Friday, March 2

tempus fugit

It's been just over six months since I started this blog, around twelve months since I recovered from my last bout with surgery, and almost three years since I first saw an ad in the paper to cook for the RAAF. It seems incredible that so long ago, the seed of this idea was planted in my brain, and despite a couple jobs I almost disappeared into, I've still maintained some semblance of focus on getting there. Here? So close!

The past few months have been a strange mixture. There have been a few ups and downs, but I've found that it's been easier to grin and bear it at my current job, because I've always been able to cheer myself up with the prospect of escaping for something far cooler, hoping that it would be sooner rather than later. It's not difficult to enjoy the temp mentality, even if I'm having a particularly crappy day and customers are giving you the irrits, I console myself by thinking they're stuck being an asshole forever whereas I'm going to be doing something completely different and changing for the better as a person to boot! That, and whenever I look around my current workplace and see the madness that ensues, I am comforted by the thought that in a few years' time, I will be possibly looking at the same thing... but with enough responsibility and knowledge of the situation to do something about it. It might still be mad, but at least it will all be mine!

About a week ago, I did a 2.4km time trial in 12:41, which is fast enough for the 18-24 age fitness level let alone the 25-34. Stoked by this performance, I decided to kick on and see if I could crack the 25 second flexed arm hang, and found that I could go for 30. Even if I counted a little quickly, that should have me within the new improved range for 25-34 year olds. Buzzed further by taking care of the hang without breaking too much of a sweat, I figured I should pump out some sit-ups for the win. 25 of them were no trouble at all! This pretty much means that I'm good enough to pass boot camp's minimum fitness requirements, but of course if I'm at this level now... ten weeks and two days of basic is going to get me blitzing even those levels.

Now, I don't think of myself as being particularly superstitious, but I do believe in signs. It was pretty cool how the first time in a while that I checked the fitness requirements, I found out that it was easier than I thought to pass. Then when I tested myself, it turns out that I'm fit enough for the old levels anyway. Some time last year (not long after starting this blog), I was looking for some jewellery to go with a dress, and ended up buying a necklace with some mini-dog-tags on it. I also happened to keep buying military styled/coloured clothing, possibly because it came back into fashion at the time, or most other available options were dresses and/or pastels. Even though I tried to hold back on the military gear (I should be buying genuine civilian stylings, so I've got nice stuff to rock out in whenever I get leave privileges!), I think it's all helped me keep enlistment in mind.

Not long after my RAAF interview last July, I thought I should do a couple of things to make the shift to military living a little easier. One was to start getting used to sleeping in a single bed again, after some blissful years of loving a queen. It was hard to do at first, especially when I woke up most mornings to the vision of my disassembled queen bed leaning up against the wall. It got easier after I ended up selling my bed to a workmate! Another thing I've tried to do is get accustomed to drinking less coffee (a quality espresso dependency would no doubt be laughed at), and getting up earlier/quicker in the mornings. I must admit, now that I'm a lot more active, I don't nap and sleep in as much as I used to, but I also don't feel as much of a need to do it anyway. I think my next challenge should be going to sleep with clothes on!

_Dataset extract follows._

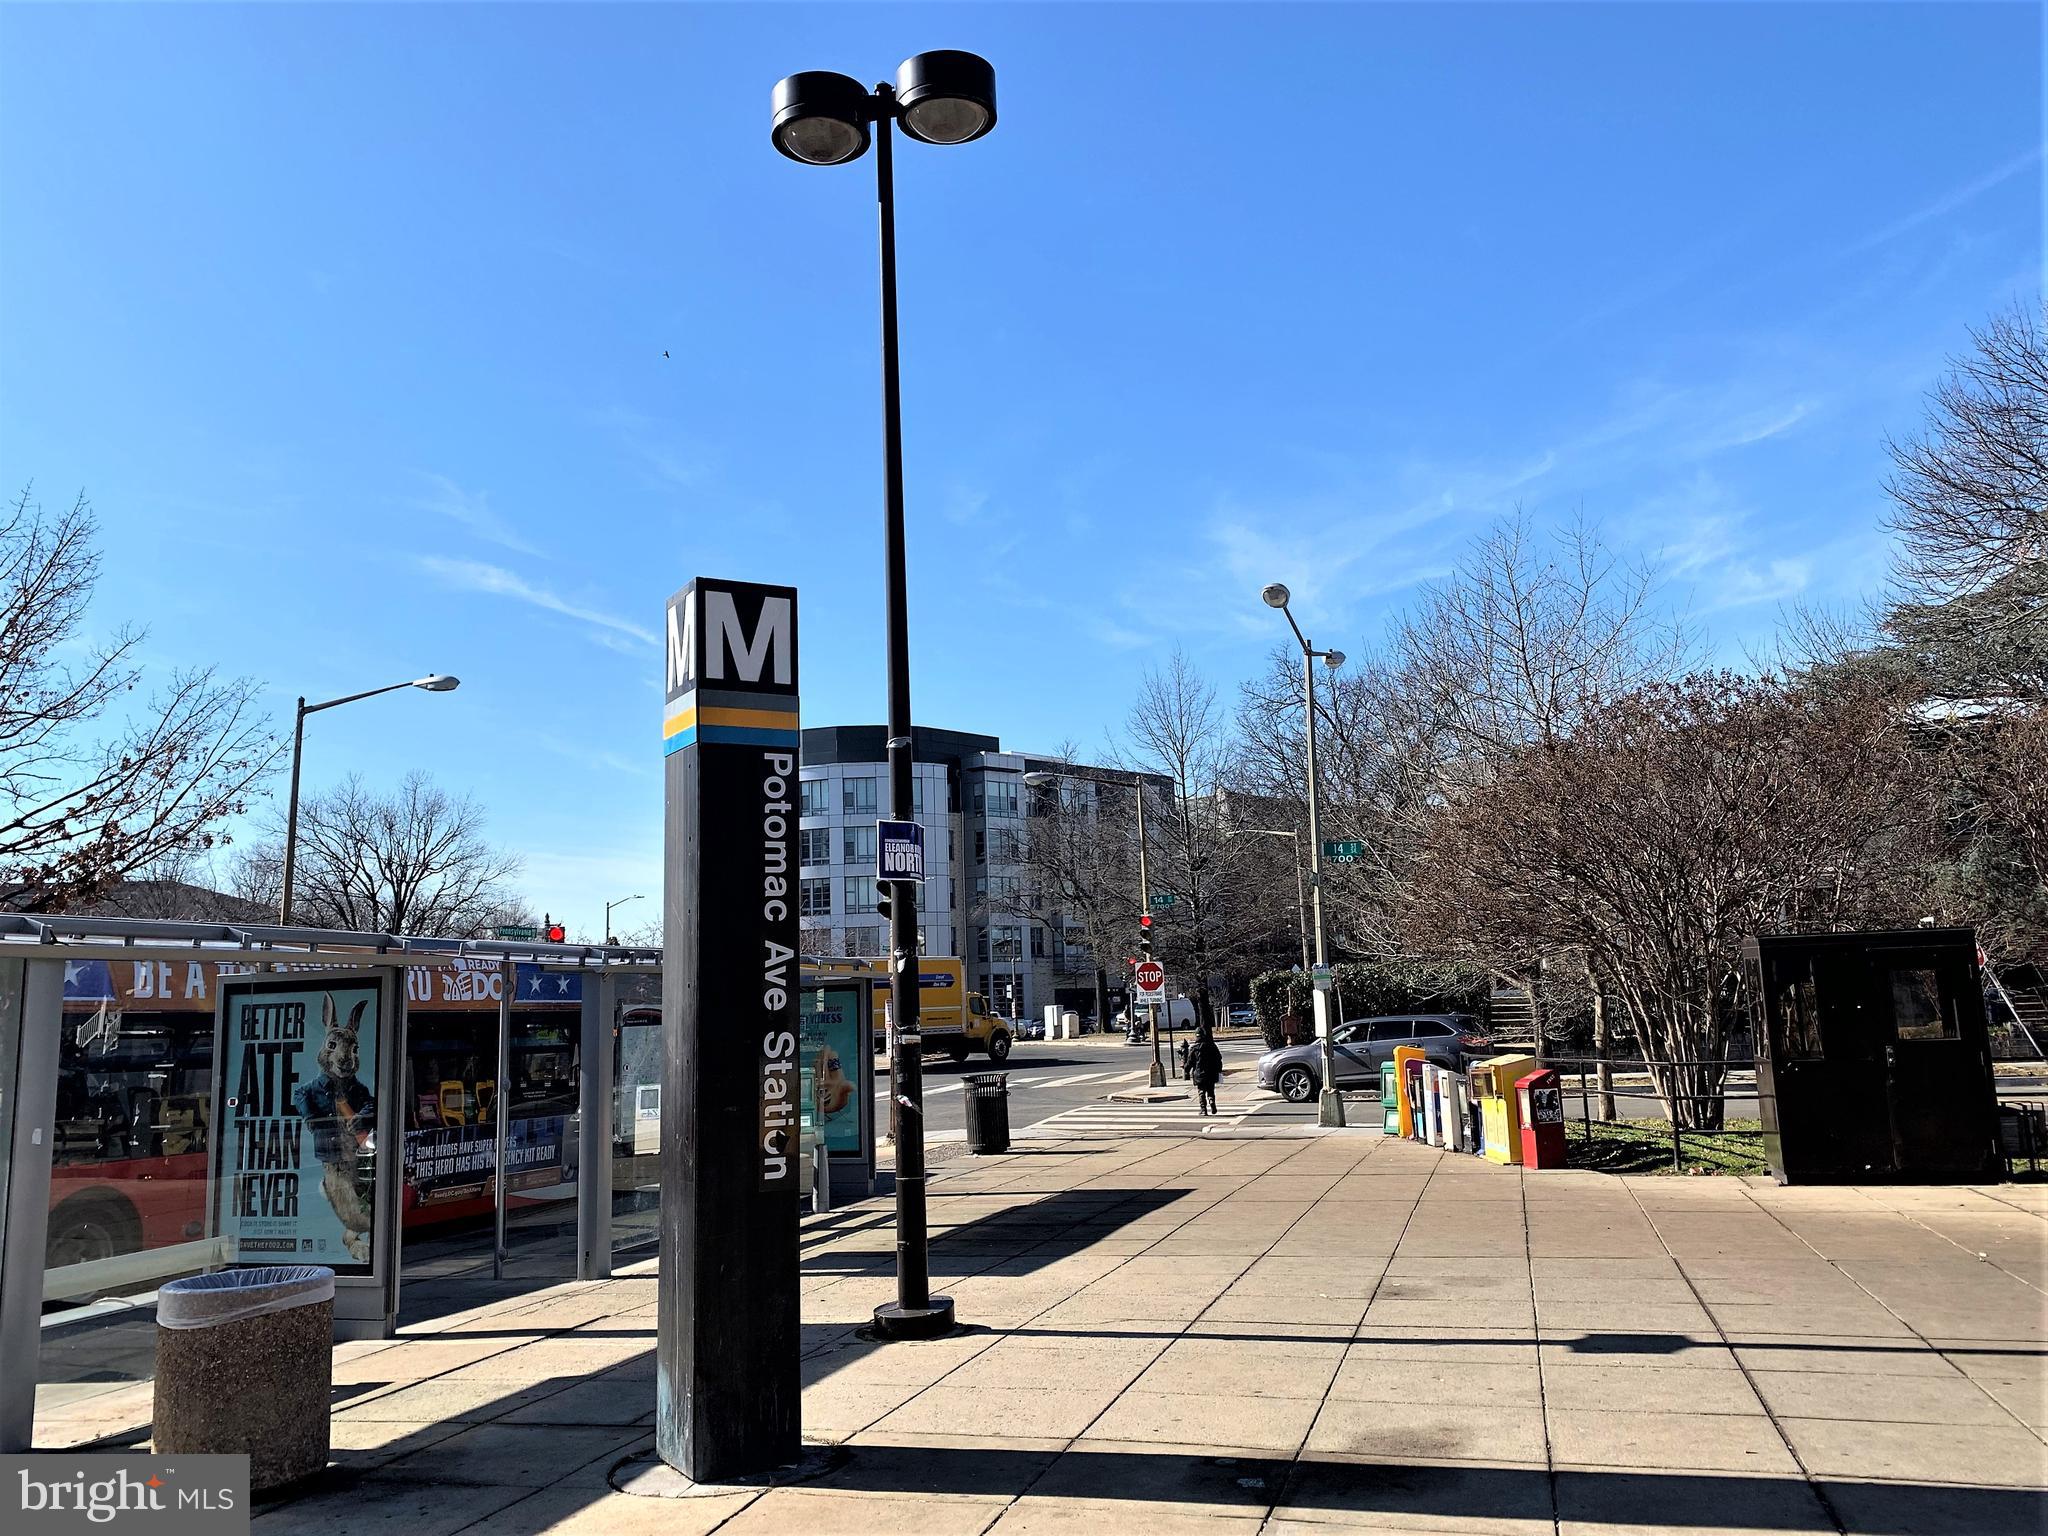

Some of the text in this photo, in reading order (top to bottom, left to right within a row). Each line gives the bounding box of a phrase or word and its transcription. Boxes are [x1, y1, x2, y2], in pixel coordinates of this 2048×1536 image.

This morning I received my final medical report from the hospital, which gave me a glowing recommendation for entry. It was kind of strange reading it on the way to work today, it was almost like a job reference, but obviously all the doctor knew about me was from a phone conversation and whatever was sitting in my medical file. Amongst all the clinical stuff, there's this super strong element of 'let this chicky in; her bits will cause no trouble!'. I didn't get time to make it to the post office today, I might deliver the reports in person on Monday depending on my work roster, otherwise it'll all be sent by Monday.

I should call my recruitment officer to find out when the intakes for RAAF cooks actually are, before I get too nervous about what's going on with the short term remains of my civilian life, or way too excited about handing in notice at my work. I was thrilled to bits when I wrote 'applying for employment with RAAF' as my reason for leaving my old job... it's even closer to the truth now!